Au lieu d’un café, il se prépare un chocolat chaud et se sert un bol de céréales qu’il déguste devant des dessins animés. Le deuxième rire de la matinée ! Cette journée commence déjà bien mieux que toutes celles qui l’ont précédée. Quand vient le moment de quitter sa maison, monsieur Adulte décide de prendre le vélo plutôt que la voiture. Après tout, aujourd’hui, il vit comme un enfant et les enfants ne savent pas conduire. Il met ses baskets et son casque et sort de la maison avec un sac à dos. Le dos toujours courbé, les bras moins ballants et la tête légèrement relevée, il enfourche sa bicyclette.
Comme presque tous les matins, aujourd’hui aussi les nuages sont au rendez-vous, mais cette fois monsieur Adulte ne s’en plaint pas. Sur son vélo, il observe les alentours et laisse le vent le rafraîchir. Il remarque les éclaircies devant lui et apprécie le toucher de l’air sur sa peau. A chaque feu rouge, il devine des formes dans les nuages, il y voit des animaux. Tout à coup ce n’est plus si désolant que le ciel soit couvert, cela peut aussi être amusant.
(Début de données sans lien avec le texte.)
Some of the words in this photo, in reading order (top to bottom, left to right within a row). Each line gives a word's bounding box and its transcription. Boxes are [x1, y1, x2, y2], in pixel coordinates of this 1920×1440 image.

Ses longues jambes sont un peu fatiguées parce qu’elles n’ont plus vraiment l’habitude de faire de l’effort. Pourtant, monsieur Adulte est tout de même plus rapide qu’à son habitude, puisque « Dans paris à vélo, on dépasse les autos » [1] et surtout, on évite les embouteillages ! « Quelle légèreté, quel bonheur de ne pas être pressé ! » S’écrit-il joyeux avant que son attention ne soit détournée par le bon d’une boulangerie.
« Un enfant aurait sûrement demandé à ce qu’on lui achète des friandises et il les aurait partagés avec ses amis ! ». C’est ce que s’imagine monsieur Adulte avant de s’arrêter pour s’acheter des carambars, des malabars, des œufs aux plats et des crocodiles, quelques croissants et deux pains au chocolat. Il ne verra pas ses amis aujourd’hui mais il verra ses collègues !
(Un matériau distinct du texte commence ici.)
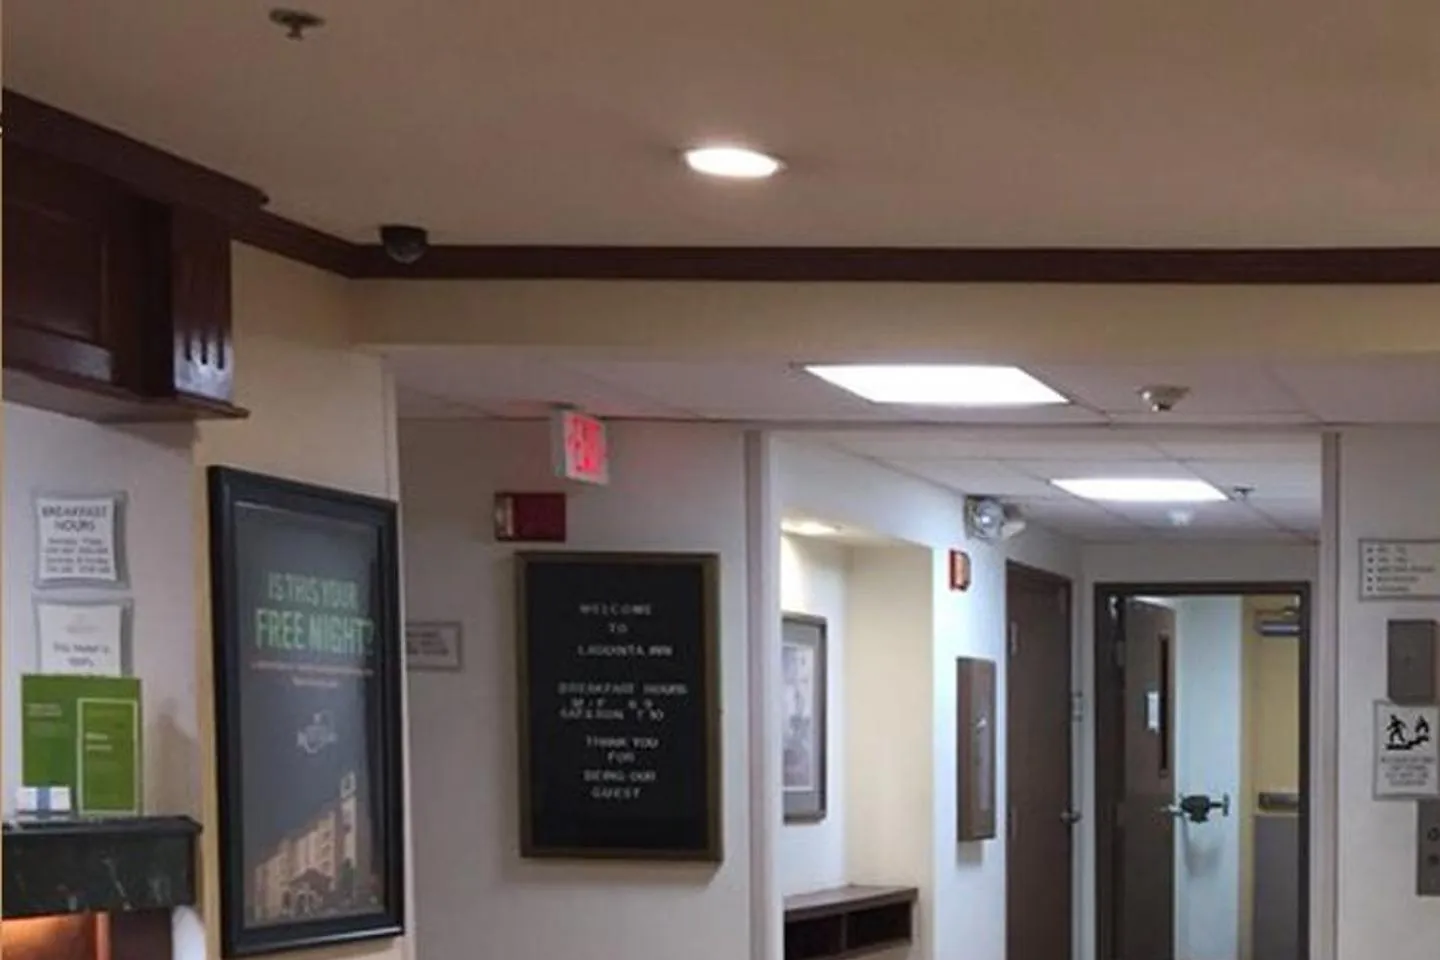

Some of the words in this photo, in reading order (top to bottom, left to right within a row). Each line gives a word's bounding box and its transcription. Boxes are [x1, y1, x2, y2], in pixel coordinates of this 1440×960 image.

[42, 505, 107, 518] BREAKFAST
[54, 519, 96, 532] HOURS
[579, 603, 652, 616] WELCOME
[255, 607, 306, 650] FREE
[308, 612, 375, 656] NIGHT?
[608, 622, 628, 633] TO
[558, 682, 634, 694] BREAKFAST
[632, 736, 660, 748] YOU
Arrivé au travail, Monsieur Adulte se sent déjà moins adulte, peut-être même adolescent. Certains collègues le regardent avec étonnement en le voyant arrivé, le dos toujours courbé, les bras plus tonifiés et la tête de plus en plus relevée. Monsieur Adulte se rend à son bureau, mais se rappelle qu’il faut travailler. Il fait la moue, car très déçu, il a du travail mais n’a pas envie de le faire.
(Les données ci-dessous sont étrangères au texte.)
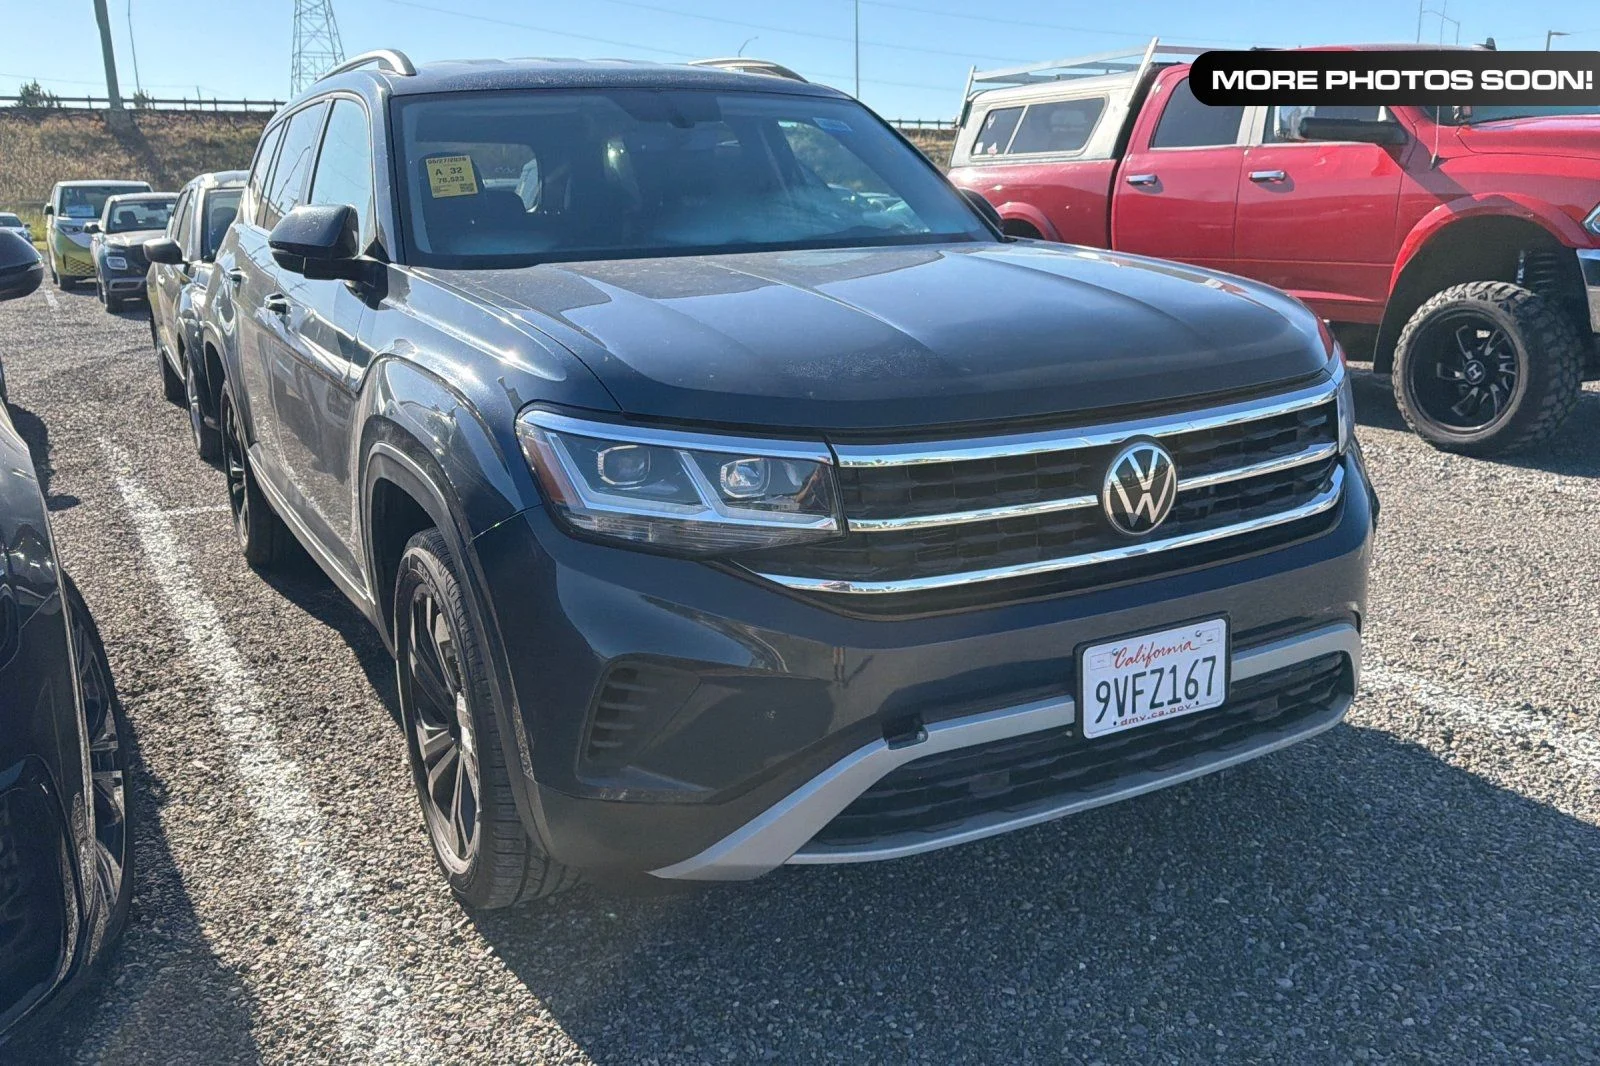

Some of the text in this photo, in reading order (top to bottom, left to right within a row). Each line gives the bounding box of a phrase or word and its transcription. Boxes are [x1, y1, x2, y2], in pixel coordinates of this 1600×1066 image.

[435, 166, 463, 176] A 32
[1114, 638, 1200, 669] California
[1095, 655, 1216, 724] 9VFZ167
[1120, 703, 1193, 727] dmv.ca.gov
Assis derrière son ordinateur, il grommèle un peu « Ah que ce serait bien si je pouvais redevenir un enfant à tout moment ! ». Néanmoins, après avoir fait la moue durant quelques minutes, monsieur Adulte se met au travail, les enfants aussi travaillent lorsqu’ils vont à l’école ou font leurs devoirs à la maison. Le travail, c’est comme l’école des adultes !
Il décide alors de faire comme s’il était en classe. C’est-à-dire qu’il va travailler, mais toutes les heures, il fera une petite pause de quelques minutes pour aller parler avec les camarades d’à côté, regarder par la fenêtre ou bien dessiner sur un bout de papier.
Après deux trois heures, c’est la récré. Tous les collègues sortent prendre l’air ou boire un café. Les enfants n’en boivent pas encore donc monsieur Adulte décide d’aller dehors pour proposer des bonbons à tout le monde. Il profite de sa sortie et, comme sur une cour de récréation, sautille et se dégourdit. Il se défoule comme il peut avant de retourner à son bureau. Monsieur Adulte est tout content parce qu’il a fait plaisir à ses collègues avec ses sucreries et son attitude. Il a même l’impression que certains de ses camarades sont à leur tour devenus un plus comme des enfants le temps de leur pause. Un peu plus souriants, un peu plus pétillants.
Après s’être de nouveau concentré pendant un certain temps, vient la pause déjeuner et pour la première fois depuis une éternité, monsieur Adulte, n’oublie pas d’aller manger. Loin d’avoir oublié, il est le premier à la cantine ! Après avoir choisi le plat qu’il préférait, il s’assoit à côté d’un collègue qui est aussi un peu enfant et lui propose de partager leurs desserts respectifs. « Quel plaisir ! Quel bonheur de partager et d’avoir de nouvelles choses à goûter ! » Se dit-il. Après tout, même les grandes personnes ont encore bien des choses à découvrir et à apprendre.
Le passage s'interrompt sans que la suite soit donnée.